My research in health criminology explores how justice system involvement affects long-term health and well-being, particularly among youth. While traditional criminology often focuses on crime and recidivism, this work examines broader outcomes—such as mental health, disability, and life-course functioning—to understand the deeper consequences of justice contact.

Drawing on data from the Northwestern Juvenile Project, a large longitudinal study of justice-involved youth, I investigate how factors like gang membership, system contact, and family background shape mental health over time. This research centers not only on gang-involved individuals but on the broader population of youth affected by incarceration and structural disadvantage.

One line of inquiry examines the relationship between mental health and patterns of offending.
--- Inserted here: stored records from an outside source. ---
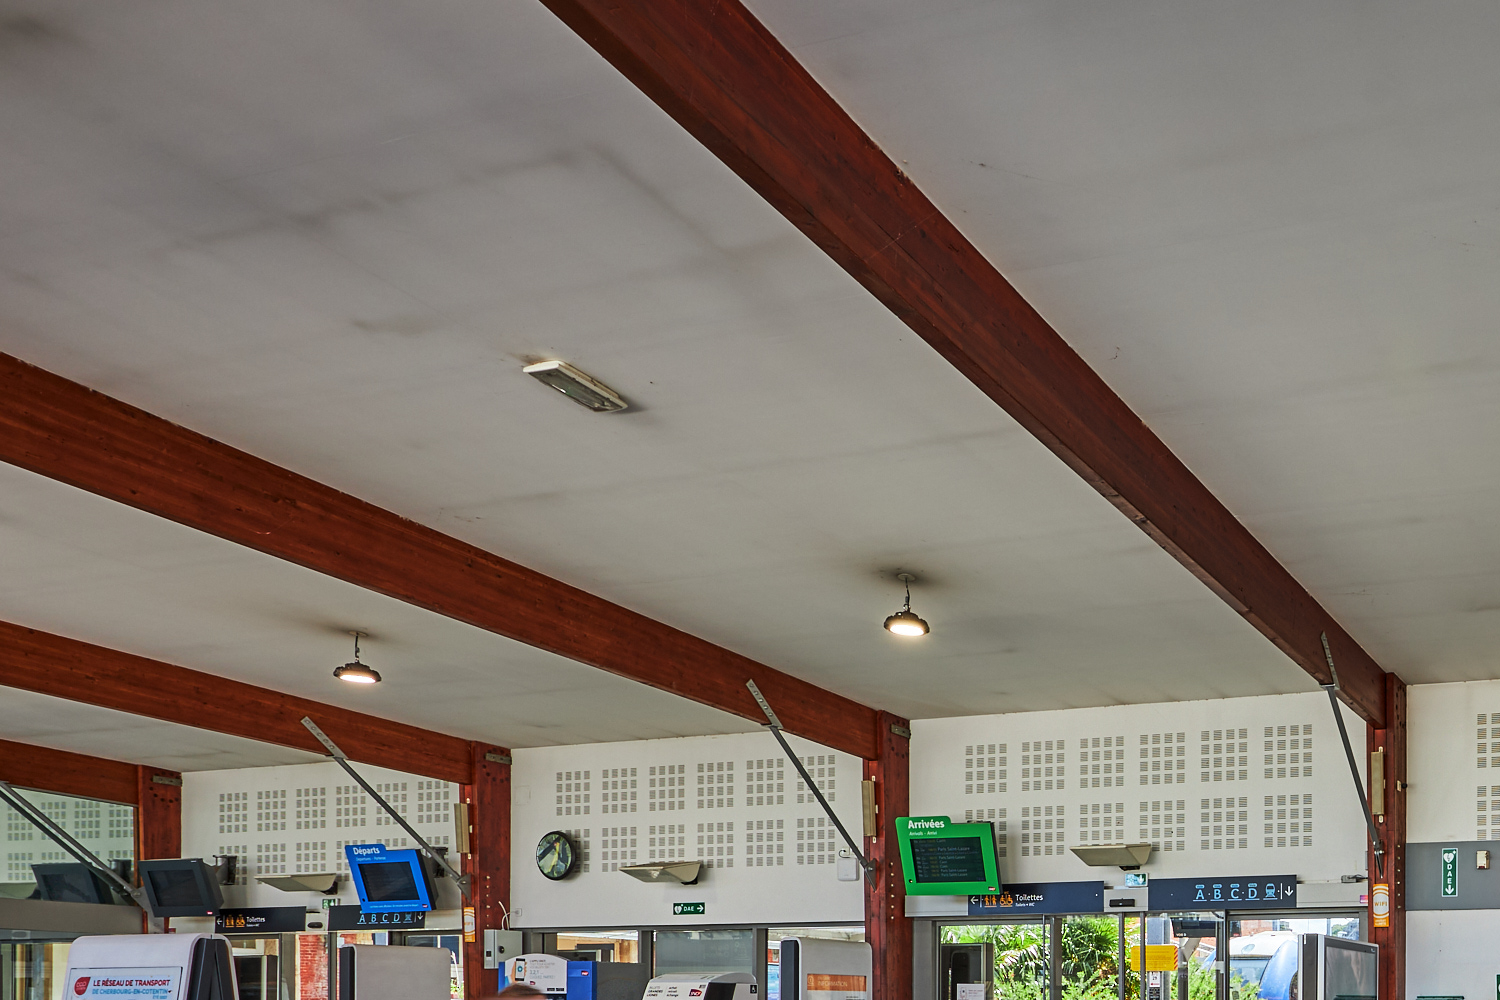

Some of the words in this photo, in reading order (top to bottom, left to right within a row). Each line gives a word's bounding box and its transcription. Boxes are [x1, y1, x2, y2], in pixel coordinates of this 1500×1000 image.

[908, 819, 945, 829] Arrivées
[353, 847, 380, 856] Départs
[1195, 890, 1205, 900] A
[1214, 889, 1222, 899] B
[1230, 888, 1239, 899] C
[1248, 888, 1257, 898] D
[359, 914, 366, 922] A
[371, 914, 377, 922] B
[382, 914, 388, 922] C
[394, 913, 400, 921] D
[101, 978, 125, 987] RÉSEAU
While trauma and poverty are known to contribute to both, my work highlights how these dynamics unfold differently across time and by gender. I find that mood disorders and offending are closely linked across the life course, but that early-life experiences—like maltreatment and prior mental health struggles—play a stronger role in shaping long-term outcomes than later life events.

Another study applies the stress process framework to gang membership. I conceptualize gang involvement as a primary stressor that produces secondary stressors—such as victimization, substance abuse, and frequent police contact—that compound mental health risks. Using longitudinal models, I show that gang disengagement significantly improves mental health and functioning. Former gang members experience fewer clinical diagnoses, better psychological well-being, and reduced substance use, even after accounting for other factors.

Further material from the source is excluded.